Sur le parking, il salua les deux routiers bulgares qui admiraient son semi-remorque en connaisseurs. Un camion atypique, tout comme lui. Son Western Star noir, parfaitement équilibré. Il détonnait au milieu de toute cette laideur.
Il se réfugia bien vite dans l'harmonie de la cabine. Tout y était si ordonné, à sa place. Ici, il se sentait en sécurité, protégé, à l'abri du chaos environnant. Il surprit le reflet de son visage émacié, s'y attarda un peu, puis alluma le réseau de communication interne. Ce matin plusieurs appels avaient été lancés à tous les camions du secteur nord, demandant de signaler la présence et la position exacte d'un individu suspect voyageant probablement en stop. Il portait un bonnet rouge, un long manteau noir, et trimballait une mallette patinée de cuir noir à bandes verticales roses. Chaque agent le croisant sur sa route était invité à contacter son superviseur de toute urgence.
Il écouta, le vol du bourdon, rien, pas de nouveau message prioritaire.

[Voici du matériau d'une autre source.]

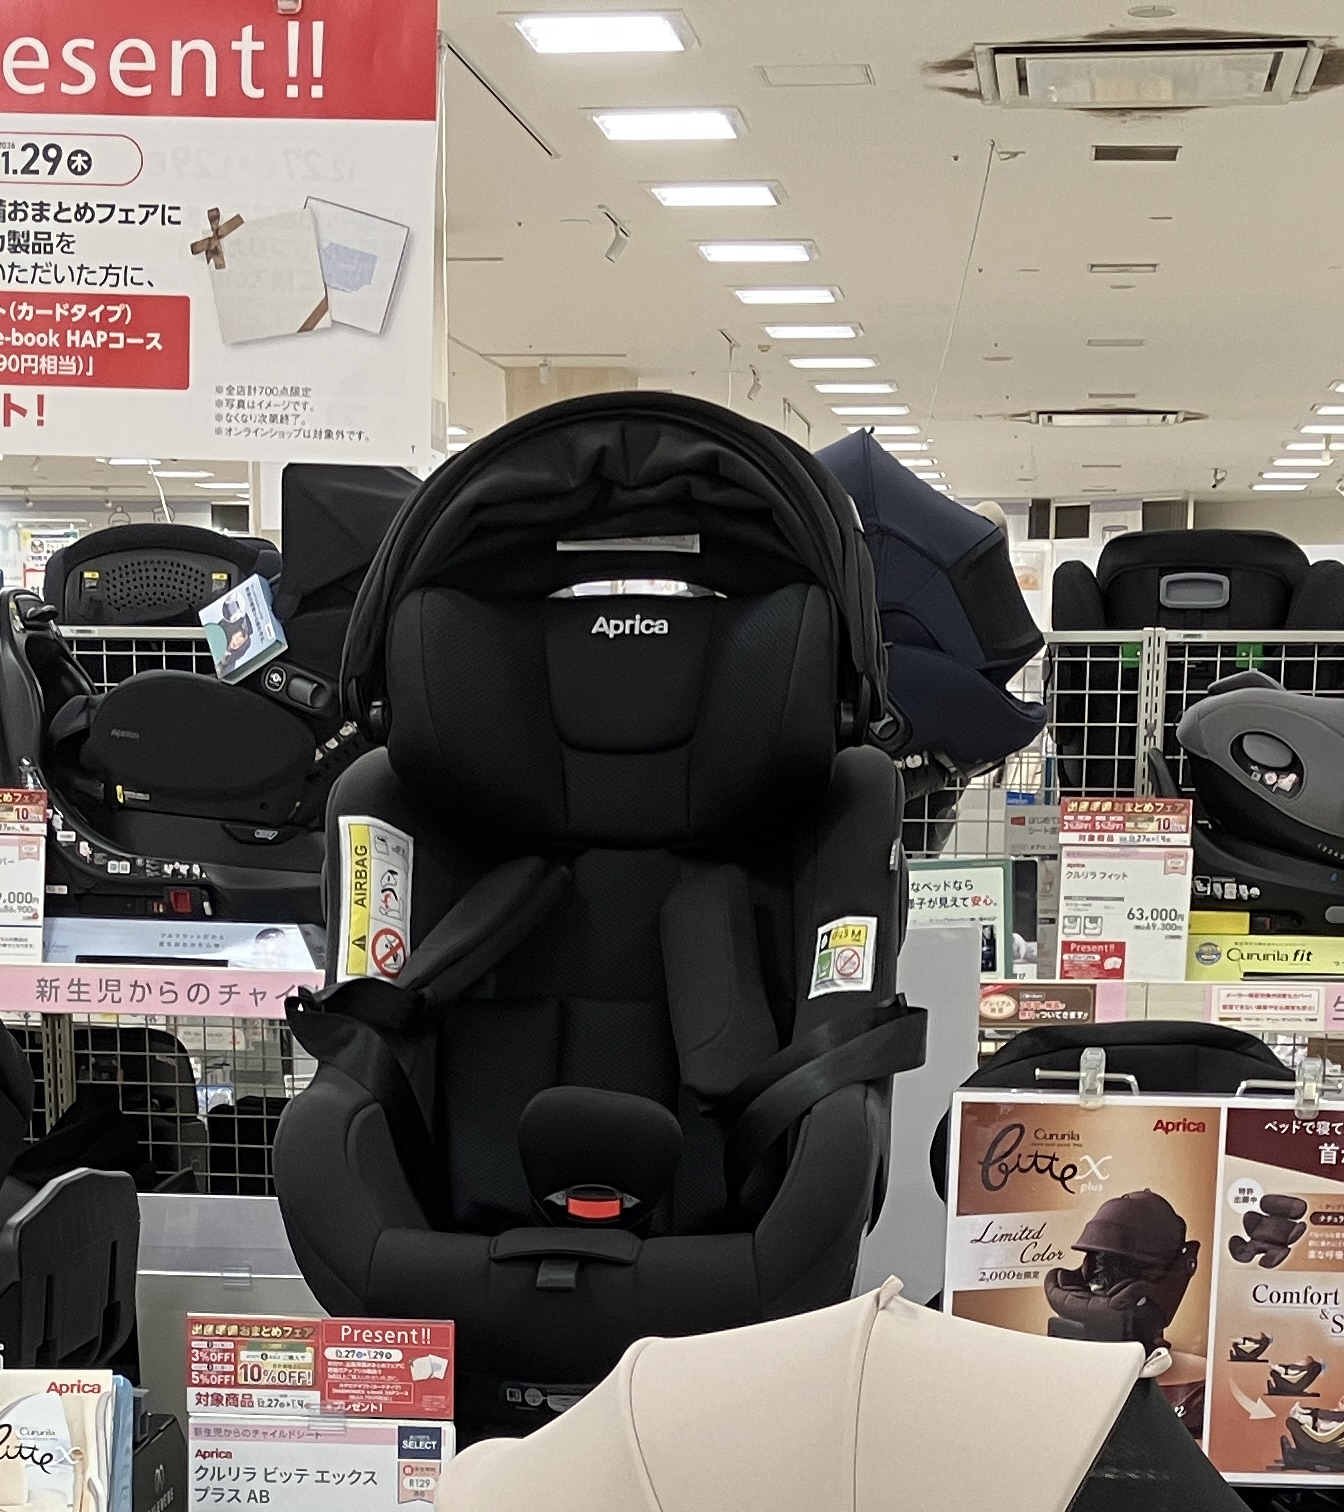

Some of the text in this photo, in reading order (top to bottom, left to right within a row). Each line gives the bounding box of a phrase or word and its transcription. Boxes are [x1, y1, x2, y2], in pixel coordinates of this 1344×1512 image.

Par contre, il s'aperçut que Federico en personne, son vieux pote, le big boss, avait tenté de le joindre. Il le connaissait de longue date. Ils s'étaient rencontrés à l'armée, liés d'amitié durant d'éprouvantes manœuvres dans les Alpes. Quand il avait quitté la légion, Federico l'avait embauché comme routier polyvalent dans une de ses entreprises, puis comme homme à tout faire, surtout les viles besognes, de celles à laisser du sang sous les ongles. Il avait toujours obtempéré, pas de problème, reconnaissant et fidèle.

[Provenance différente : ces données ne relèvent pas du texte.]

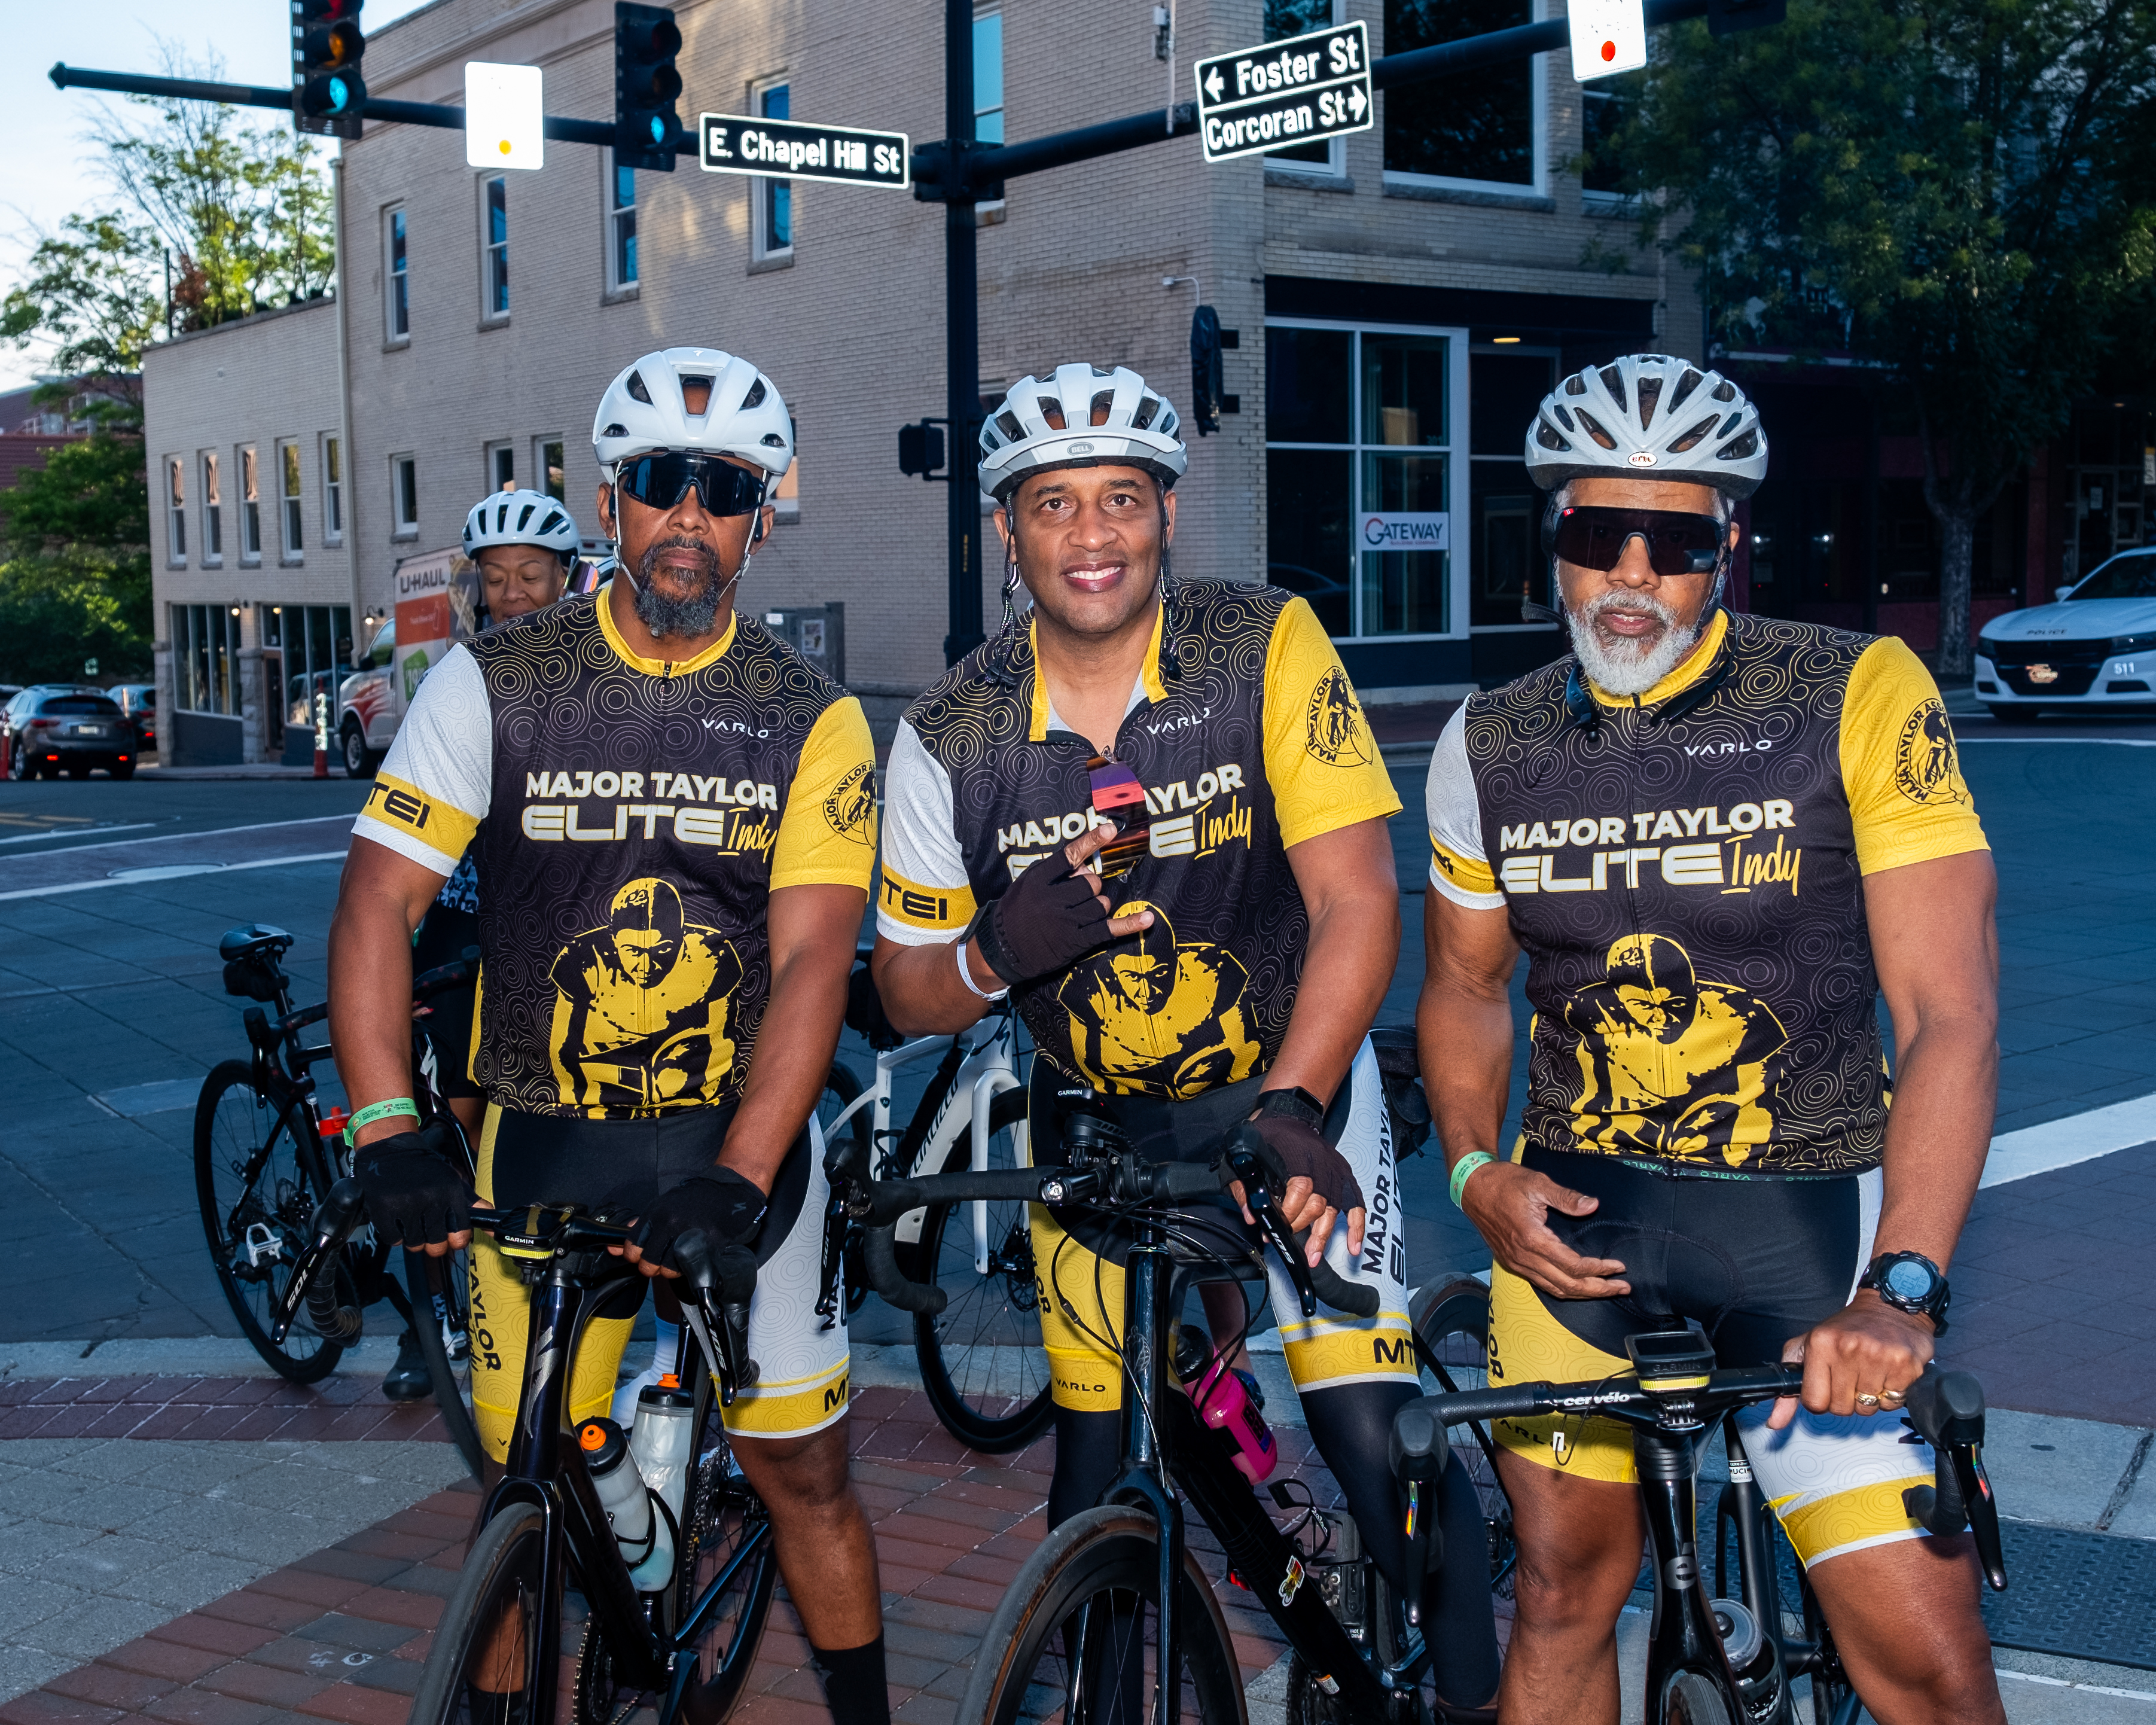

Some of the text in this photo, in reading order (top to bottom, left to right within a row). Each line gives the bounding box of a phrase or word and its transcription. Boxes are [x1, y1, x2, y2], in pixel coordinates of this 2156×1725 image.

Kinski était l'un des rares à pouvoir mettre un visage sur leur grand patron, tant l'Organisation était cloisonnée, opaque. Beaucoup n'imaginaient pas un instant pouvoir travailler pour une sorte de mafia, une mafia de routiers et d'agents de sécurité, une belle toile d'araignée. Ils utilisaient habilement une infrastructure des plus légale pour encadrer et perpétrer d'infâmes trafics. Sacrés micmacs.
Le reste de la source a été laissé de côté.